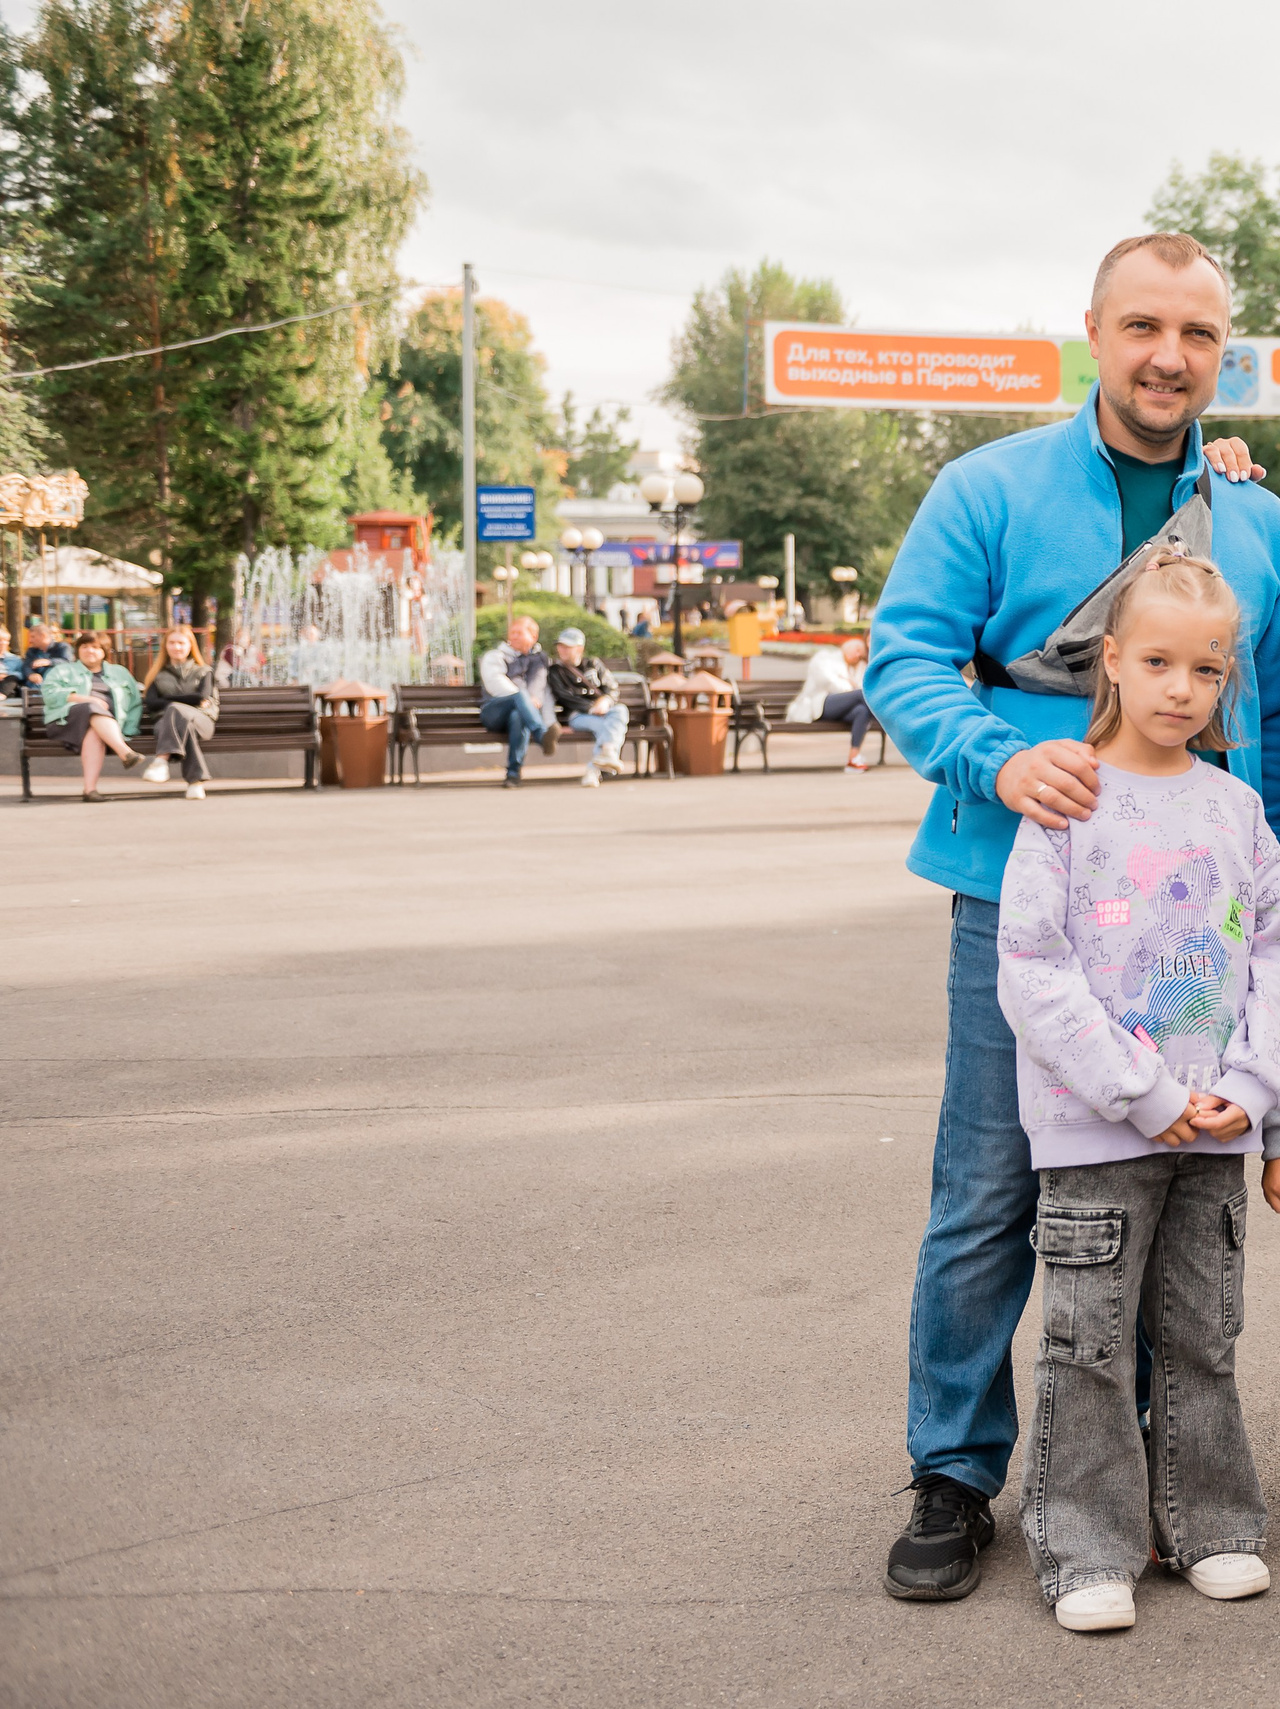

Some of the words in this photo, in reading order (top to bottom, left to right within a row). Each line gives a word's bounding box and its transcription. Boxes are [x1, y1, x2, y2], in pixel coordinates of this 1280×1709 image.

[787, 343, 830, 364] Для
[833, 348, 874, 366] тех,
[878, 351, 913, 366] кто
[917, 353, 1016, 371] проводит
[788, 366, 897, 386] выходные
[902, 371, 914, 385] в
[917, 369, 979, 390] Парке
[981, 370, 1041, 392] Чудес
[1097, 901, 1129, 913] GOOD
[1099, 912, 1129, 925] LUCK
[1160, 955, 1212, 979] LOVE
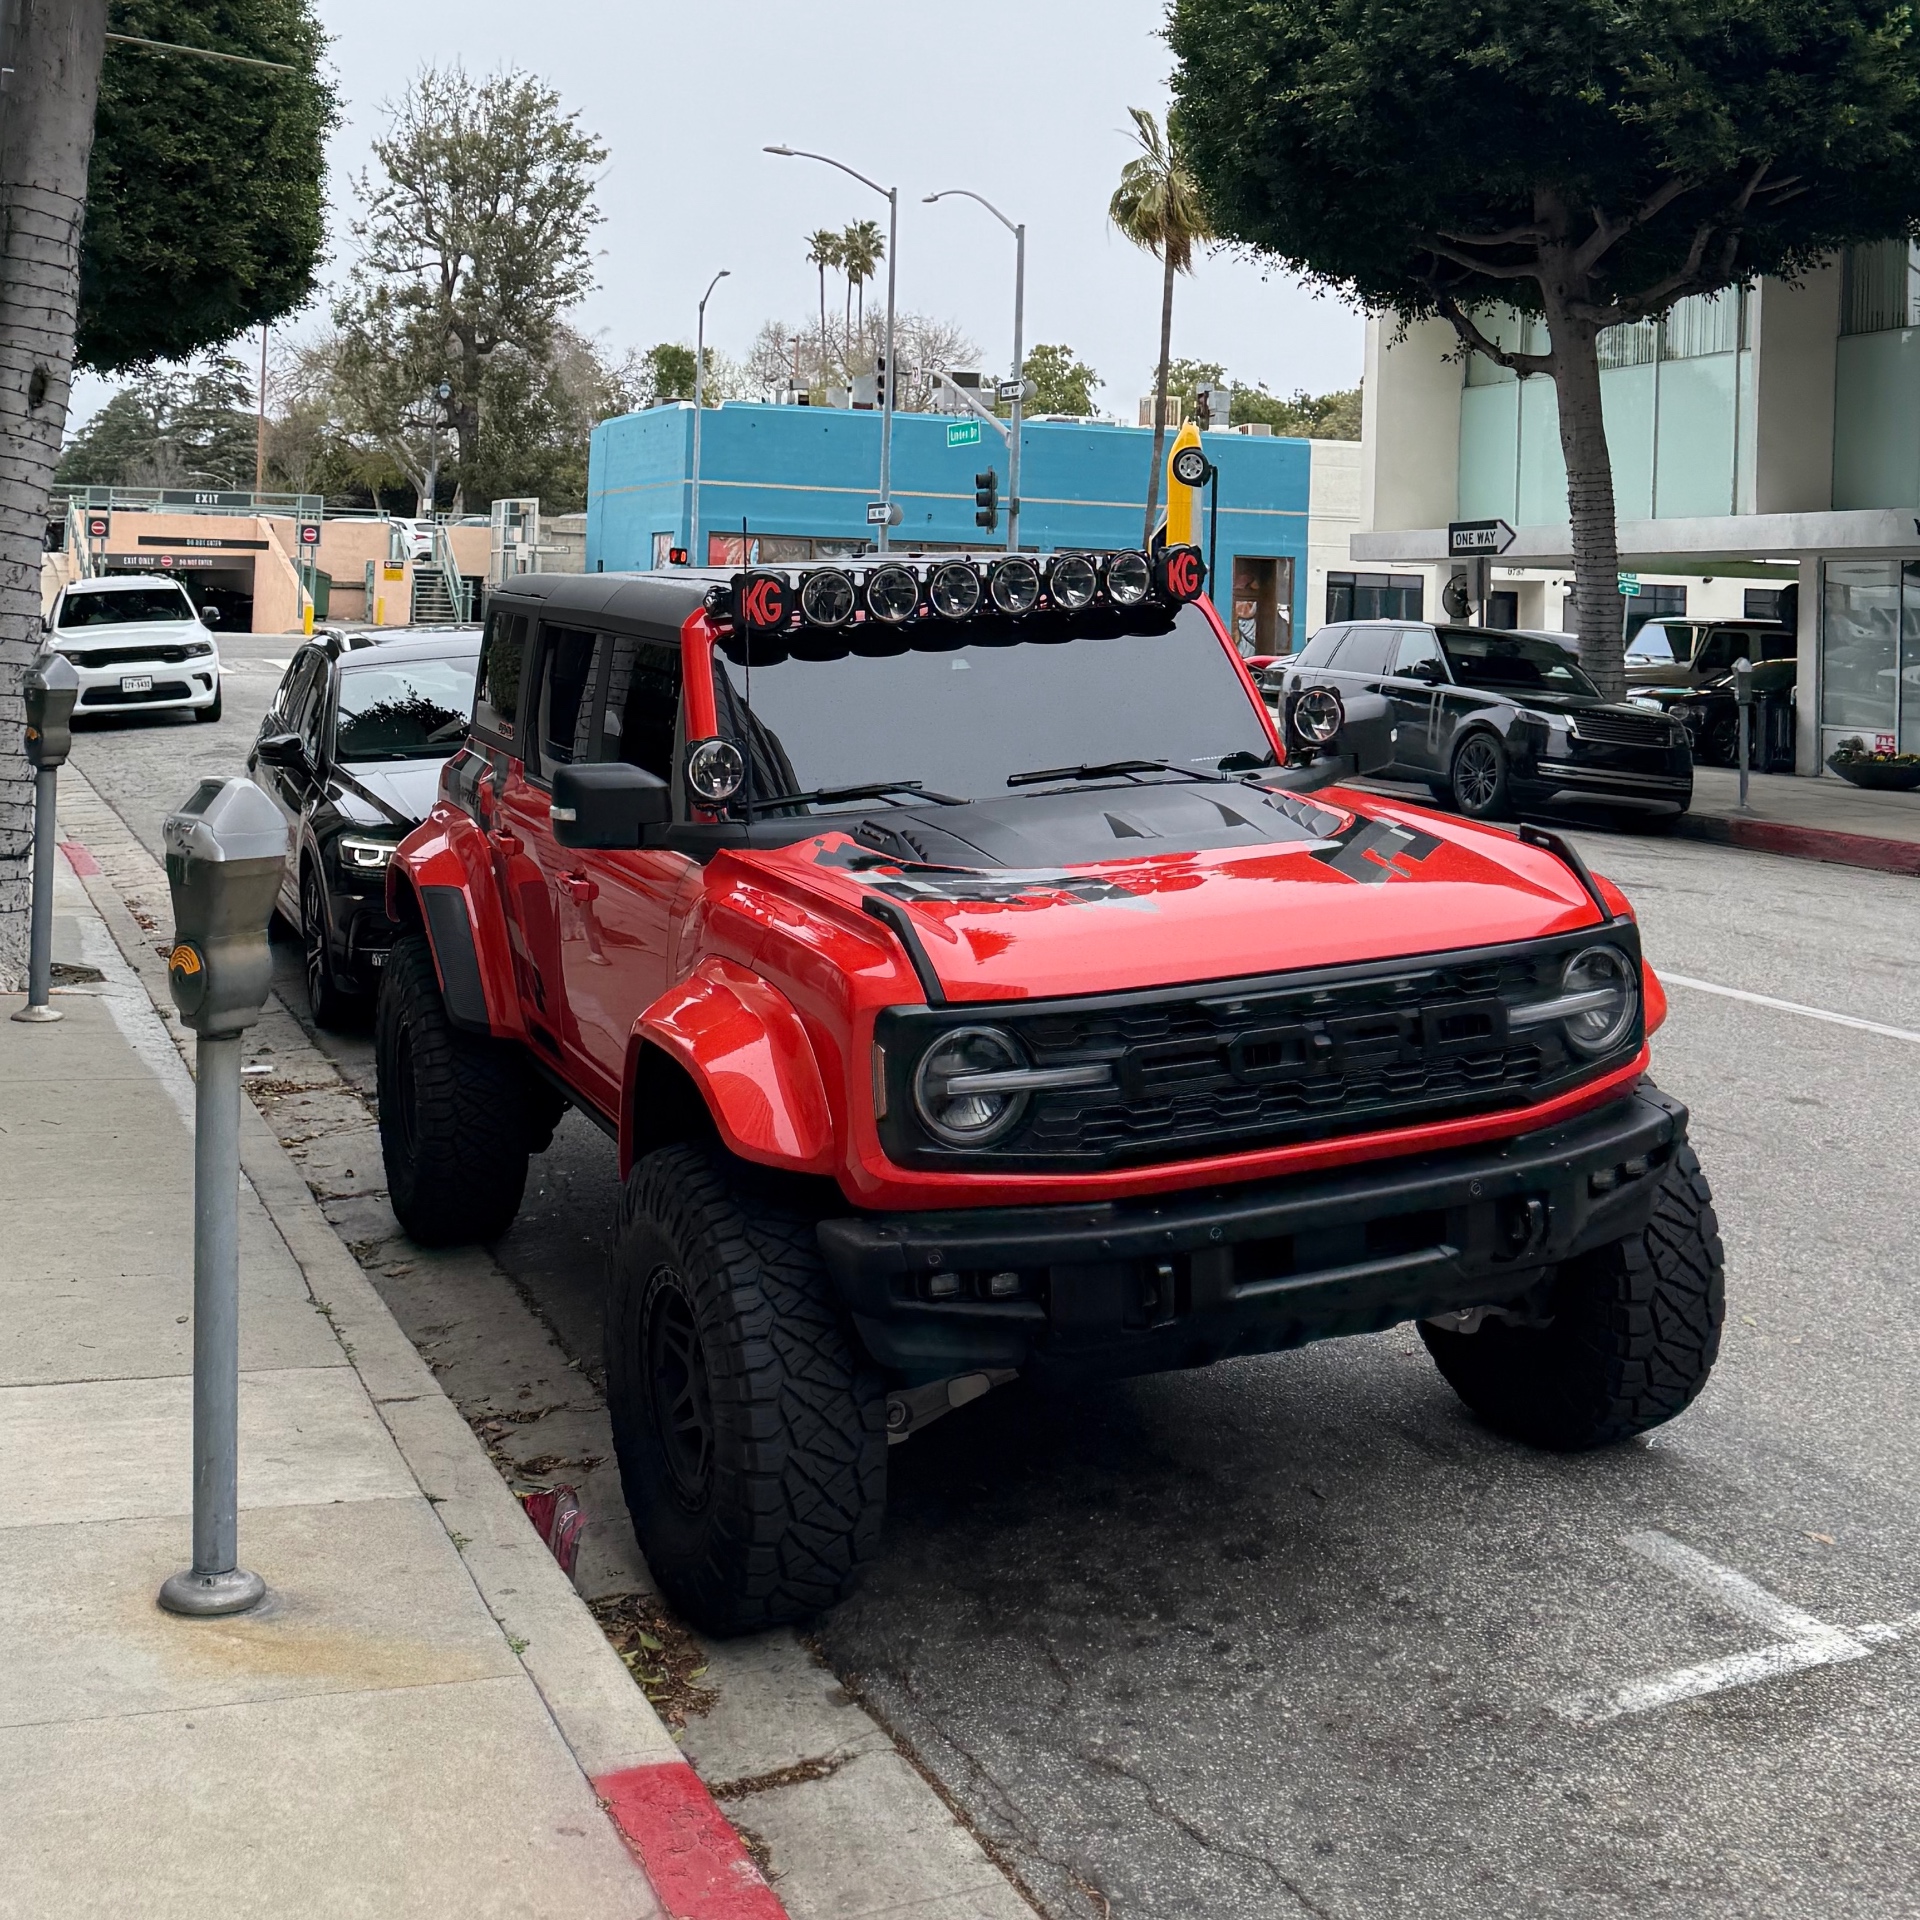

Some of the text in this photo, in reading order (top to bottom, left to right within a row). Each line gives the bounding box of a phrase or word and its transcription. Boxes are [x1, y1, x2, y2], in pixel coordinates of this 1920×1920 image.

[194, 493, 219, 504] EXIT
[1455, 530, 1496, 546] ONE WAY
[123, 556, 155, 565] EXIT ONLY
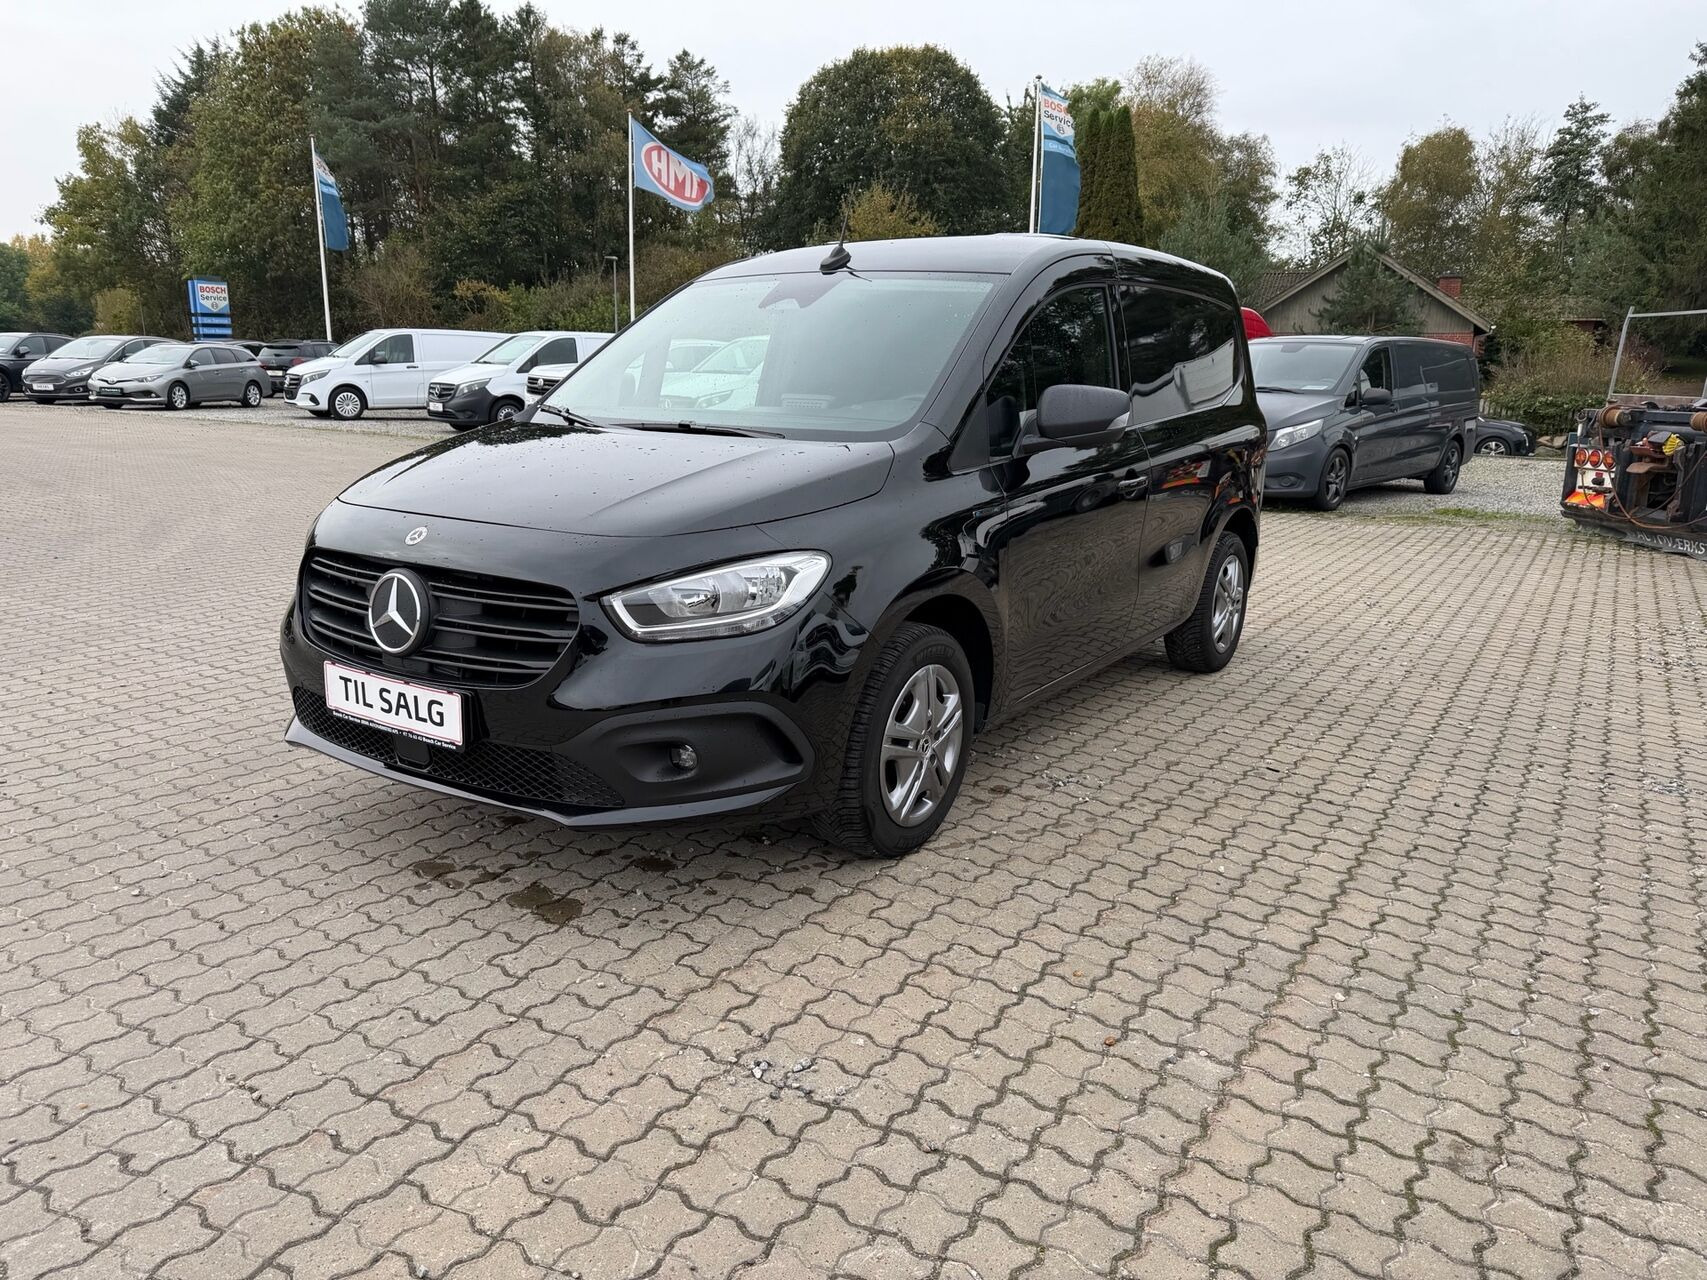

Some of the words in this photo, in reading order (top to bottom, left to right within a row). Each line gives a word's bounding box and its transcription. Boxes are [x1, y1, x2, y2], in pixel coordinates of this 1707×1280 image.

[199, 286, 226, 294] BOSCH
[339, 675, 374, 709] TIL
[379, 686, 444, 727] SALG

• To do: Pictures in the records must not appear in the copy; transcribe everything else precisely.

• Result of the task:
Some of the words in this photo, in reading order (top to bottom, left to right within a row). Each line gives a word's bounding box and its transcription. Boxes are [x1, y1, x2, y2], in pixel coordinates of this 1280×1709 image.

[787, 343, 830, 364] Для
[833, 348, 874, 366] тех,
[878, 351, 913, 366] кто
[917, 353, 1016, 371] проводит
[788, 366, 897, 386] выходные
[902, 371, 914, 385] в
[917, 369, 979, 390] Парке
[981, 370, 1041, 392] Чудес
[1097, 901, 1129, 913] GOOD
[1099, 912, 1129, 925] LUCK
[1160, 955, 1212, 979] LOVE

Some of the text in this photo, in reading order (top to bottom, left to right within a row). Each line gives the bounding box of a phrase or word and its transcription. Boxes are [x1, y1, x2, y2], in pixel coordinates of this 1920×1920 image.

[194, 493, 219, 504] EXIT
[1455, 530, 1496, 546] ONE WAY
[123, 556, 155, 565] EXIT ONLY

Some of the words in this photo, in reading order (top to bottom, left to right within a row). Each line gives a word's bounding box and its transcription. Boxes are [x1, y1, x2, y2], in pixel coordinates of this 1707×1280 image.

[199, 286, 226, 294] BOSCH
[339, 675, 374, 709] TIL
[379, 686, 444, 727] SALG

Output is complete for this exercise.